1) Create a new directory in ``$HOME/.vistrails/userpackages/``
2) Copy ``__init__.py`` and ``init.py`` from ``vistrails/packages/CLTools`` to this new directory
3) Update **name**, **identifier**, and **version** in ``__init__.py`` to the desired values
4) Move all desired tools (\*.clt files) to this new directory
5) Enable and test your new package!

File Format
^^^^^^^^^^^

The wrapper is stored as a `JSON <http://www.json.org/>`_ file and can be edited using a text editor if needed. It uses the following schema:

ROOT is a dict with the following possible keys:

* **command** (required) - value is the command to execute like "cat" or "/home/tommy/cat"
* **stdin** - handle stdin - value is a 3-list ["port name", CLASS, OPTIONDICT]
* **stdout** - handle stdout - value is a 3-list ["port name", CLASS, OPTIONDICT]
* **stderr** - handle stdout - value is a 3-list ["port name", CLASS, OPTIONDICT]
* **args** - list of ordered arguments that can either be constants, inputs, or outputs. See ARG.
* **dir** - value is the working directory to execute the command from
* **options** - a dict of module options - see OPTIONDICT

OPTIONDICT is a dict with module specific options, recognized options are:

* **std_using_files** - connect files to pipes so that they need not be stored in memory. This is useful for large files but may be unsafe since it does not use subprocess.communicate
* **env** - A list of environment variables to set when executing the command, with entries separated by **;** and key/value pairs separated by **=**. This overrides all other environment variables set, except for the env_port, and should only be used when they are not expected to change. It can only be set by editing the .clt files directly with a text editor.
* **env_port** - Set to add an input port **env** for specifying the environment variables to use, this overrides all other environment variables set

ARG is a 4-list containing [TYPE, "name", KLASS, ARGOPTIONDICT]
TYPE is one of:

* **input** - create input port for this arg
* **output** - create output port for this arg
* **inputoutput** - create both input and output port for this arg. The type must be **File** and a copy of the original file will be processed and used as output.
* **constant** - use "port name" directly as a constant string

CLASS indicates the port type and can be one of the following. **String** is used by default.

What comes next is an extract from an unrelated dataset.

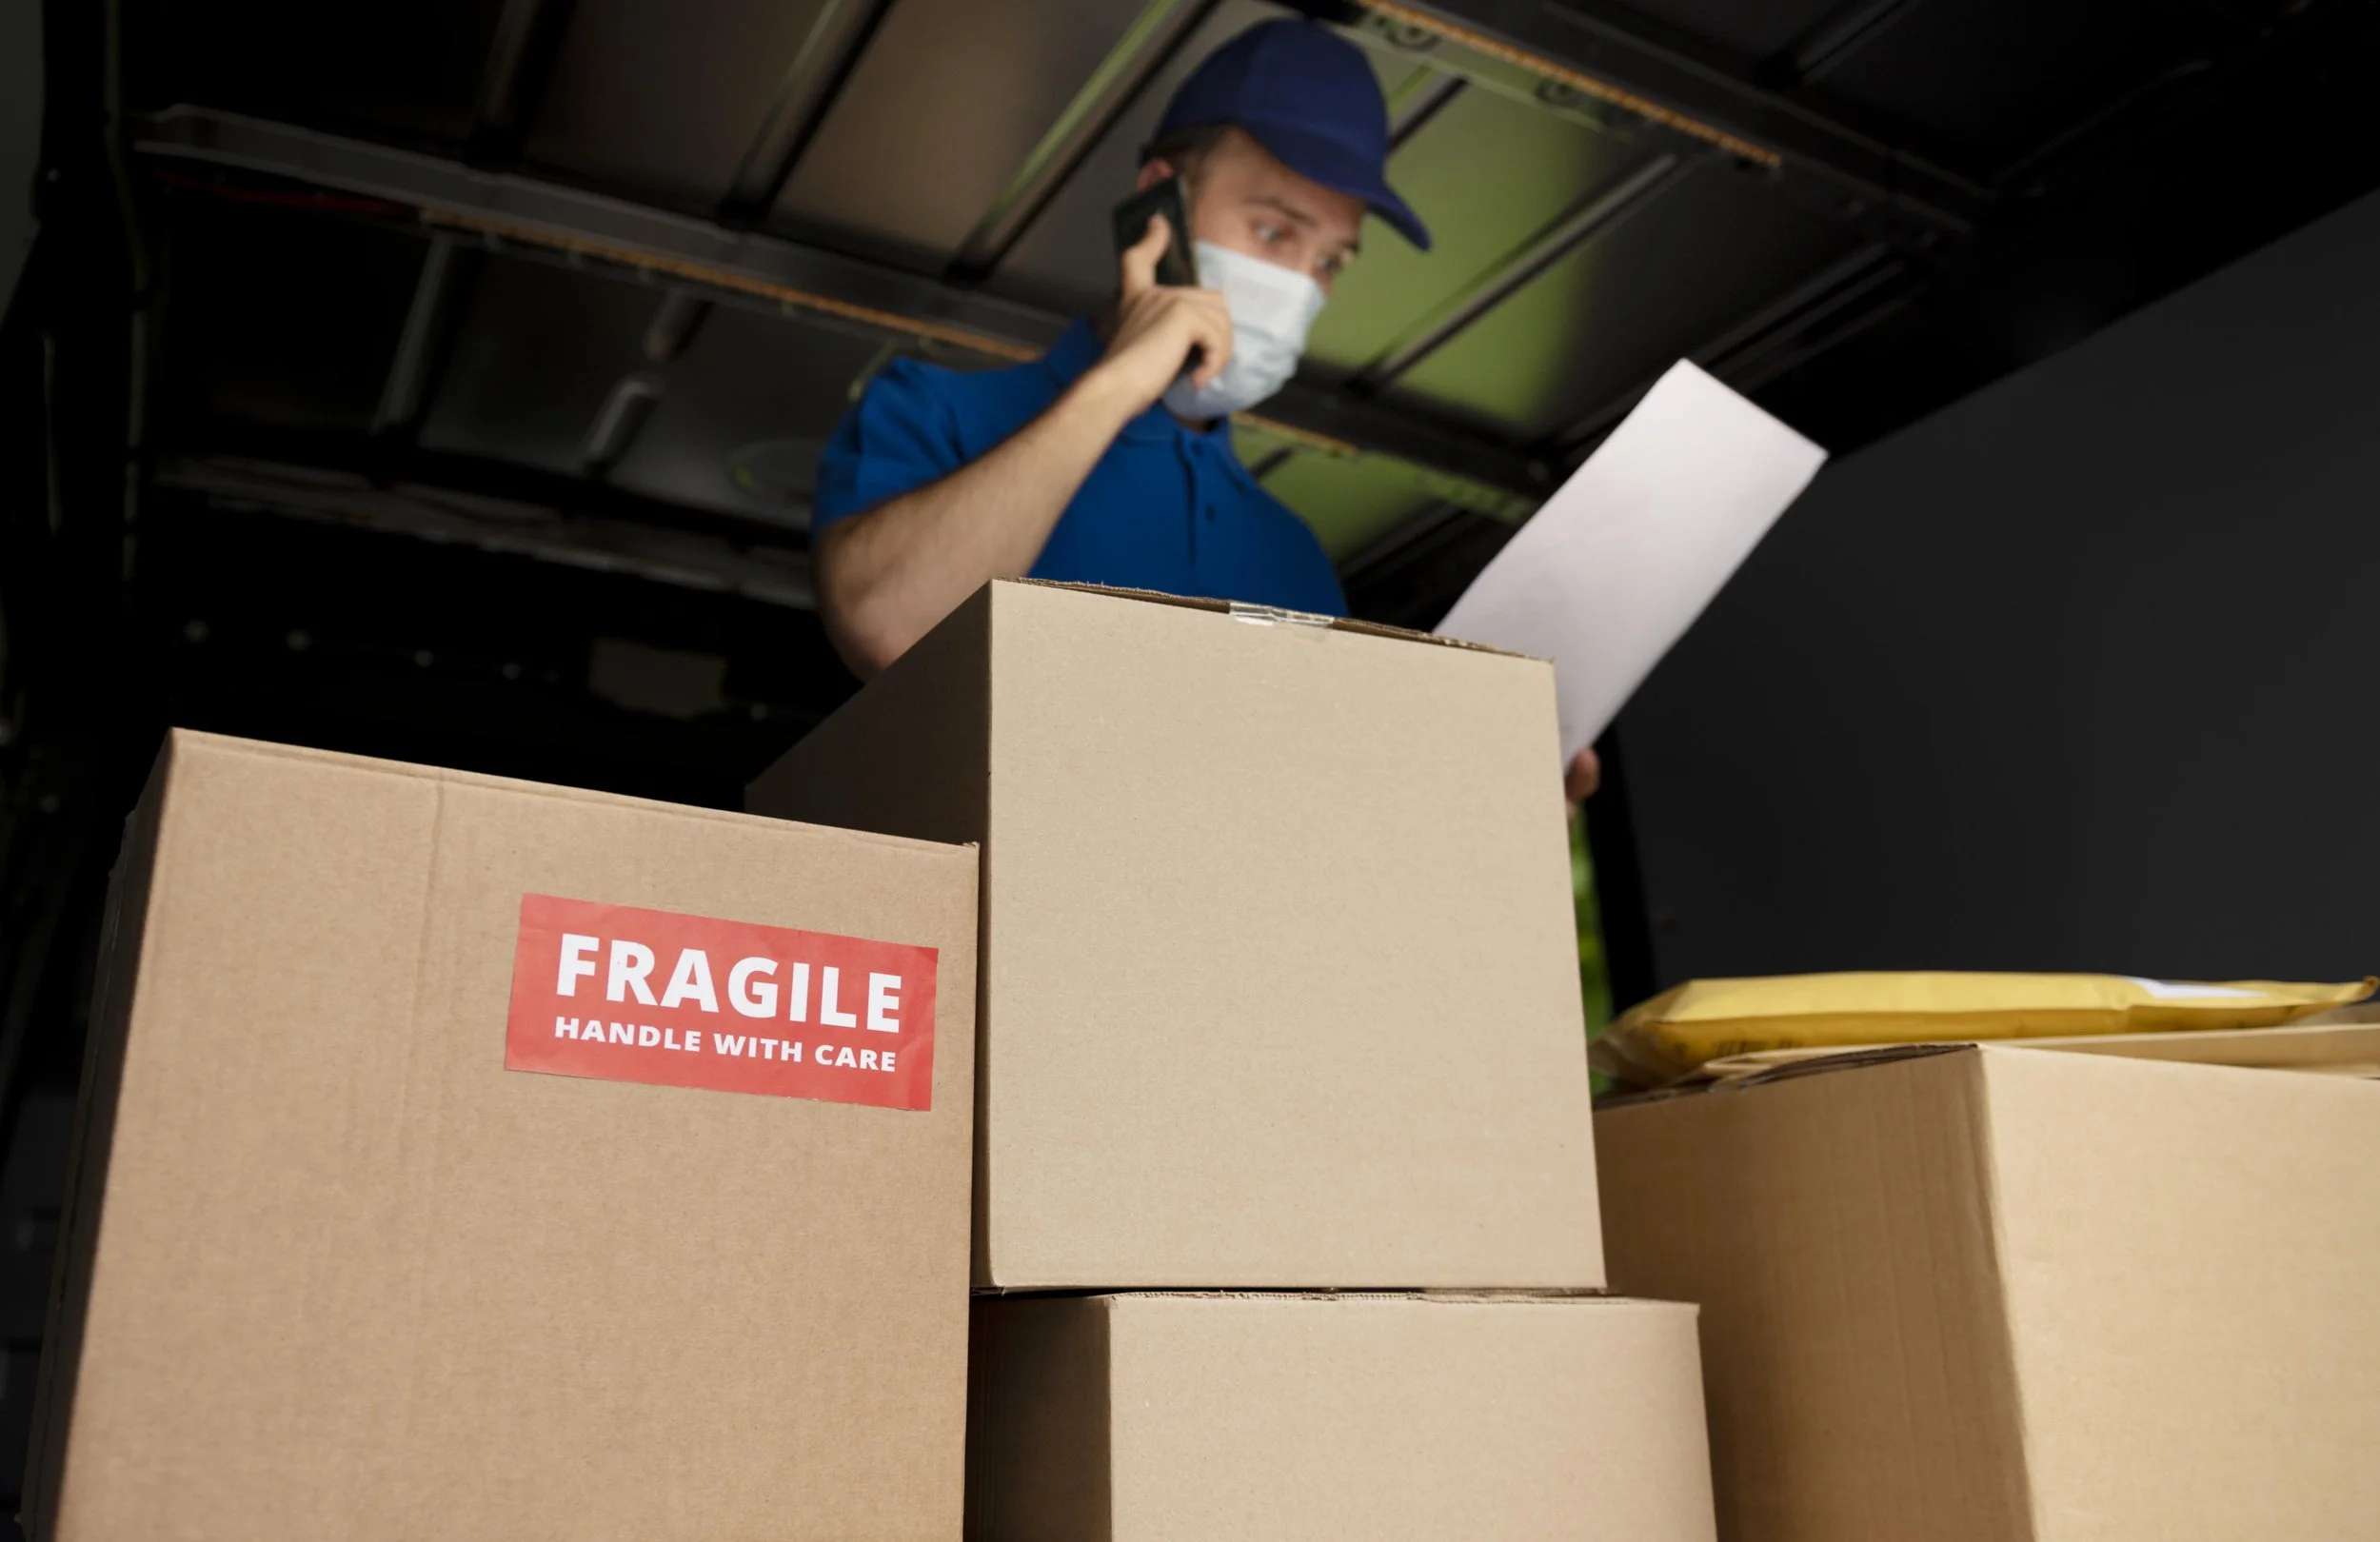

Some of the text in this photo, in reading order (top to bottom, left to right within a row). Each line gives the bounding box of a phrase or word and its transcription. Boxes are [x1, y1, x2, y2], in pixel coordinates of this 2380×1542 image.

[556, 933, 902, 1034] FRAGILE
[554, 1016, 897, 1073] HANDLE WITH CARE

* **File** - A vistrails **File** type. The filename will be used as the argument
* **String** - A vistrails **String** type. The string will be used as the argument
* **Integer** - A vistrails **Integer** type. Its string value will be used as the argument
* **Float** - A vistrails **Float** type. Its string value will be used as the argument
* **Flag** - A vistrails **Bool** type. A boolean flag that when set to true will add the value of the argument  to the command.
* **List** - A list of values of the type specified by the **type** option. All values in the list will be added as arguments.

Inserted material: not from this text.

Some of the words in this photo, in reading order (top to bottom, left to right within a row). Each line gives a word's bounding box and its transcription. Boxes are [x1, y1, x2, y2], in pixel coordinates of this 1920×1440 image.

ARGOPTIONDICT is a dict containing argument options. recognized options are:

* **type**: **CLASS** - used by List-types to specify subtype.
* **flag**: **name** - Append name as a short-style flag before the specified argument. If type is **List** it is appended before each item
* **prefix**: **name** - Append name as a long-style prefix to the final argument. If it is also a list it is appended to each item.
* **required**: None - Makes the port always visible in VisTrails.
* **suffix**: **name** - Specifies the file ending for created files


.. topic:: Try it Now!

    Wrap the command "cat" that takes 2 files as input named "first" and "second". Also take a list of files as input named "rest".
    Catch stdout as file, name it "combined".
    Catch stderr as string, name it "stderr".
    Show "first" and "combined" by default.

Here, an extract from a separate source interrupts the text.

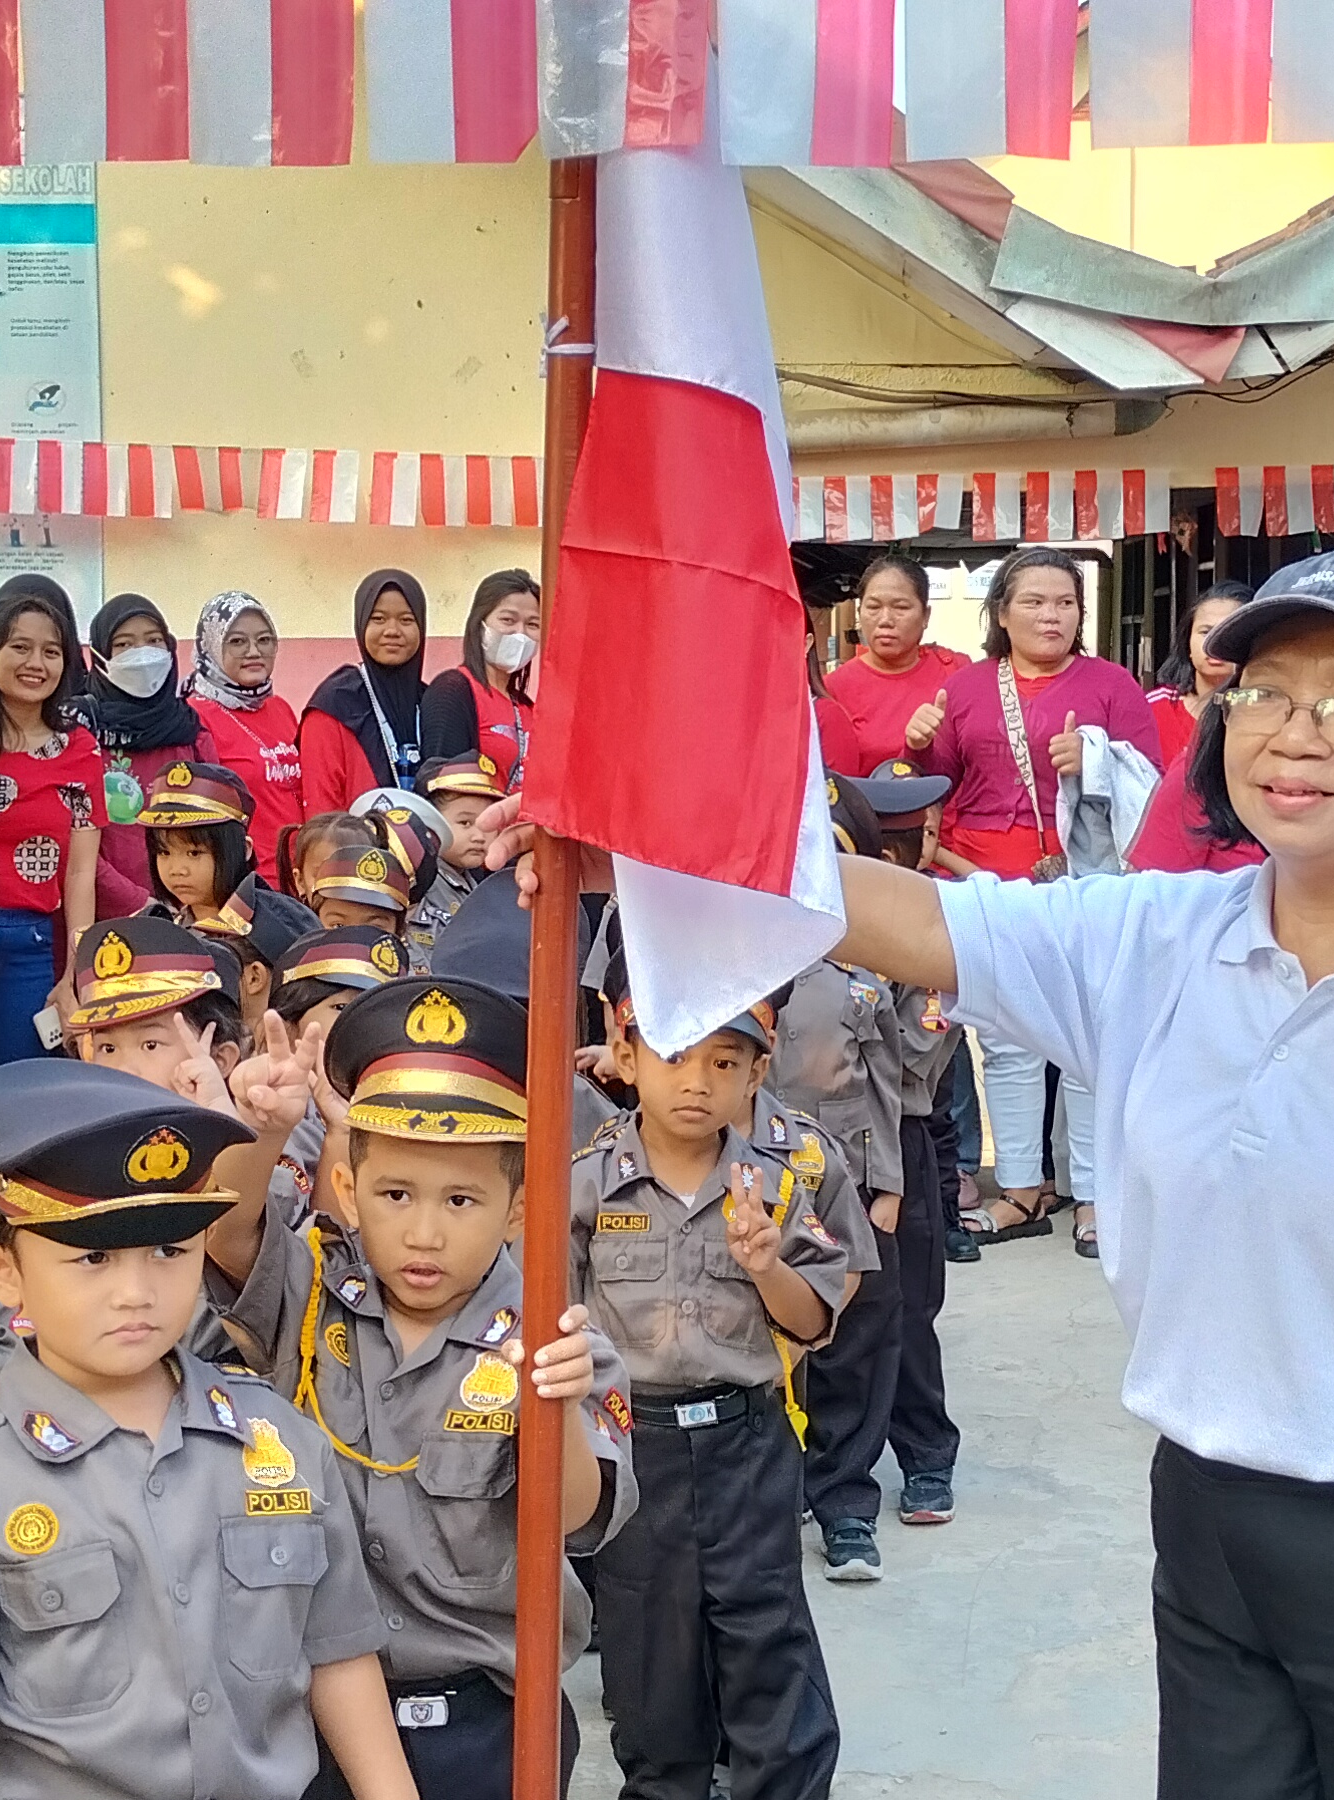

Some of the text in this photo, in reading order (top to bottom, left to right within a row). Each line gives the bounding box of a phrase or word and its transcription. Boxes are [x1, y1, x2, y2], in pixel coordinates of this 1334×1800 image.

    Your wrapper should now look like this::
        
        {"command": "cat",
         "args": [["input", "first", "File", {"required":""}],
                  ["input", "second", "File", {}],
                  ["input", "rest", "List", {"type":"File"}]],
        "stdout": ["combined", "File", {"required":""}],
        "stderr": ["stderr", "String", {}]
        }

    Save as ``{yourhomedirectory}/.vistrails/CLTools/cat.clt``
    Reload CLTools package in VisTrails. Test the new module.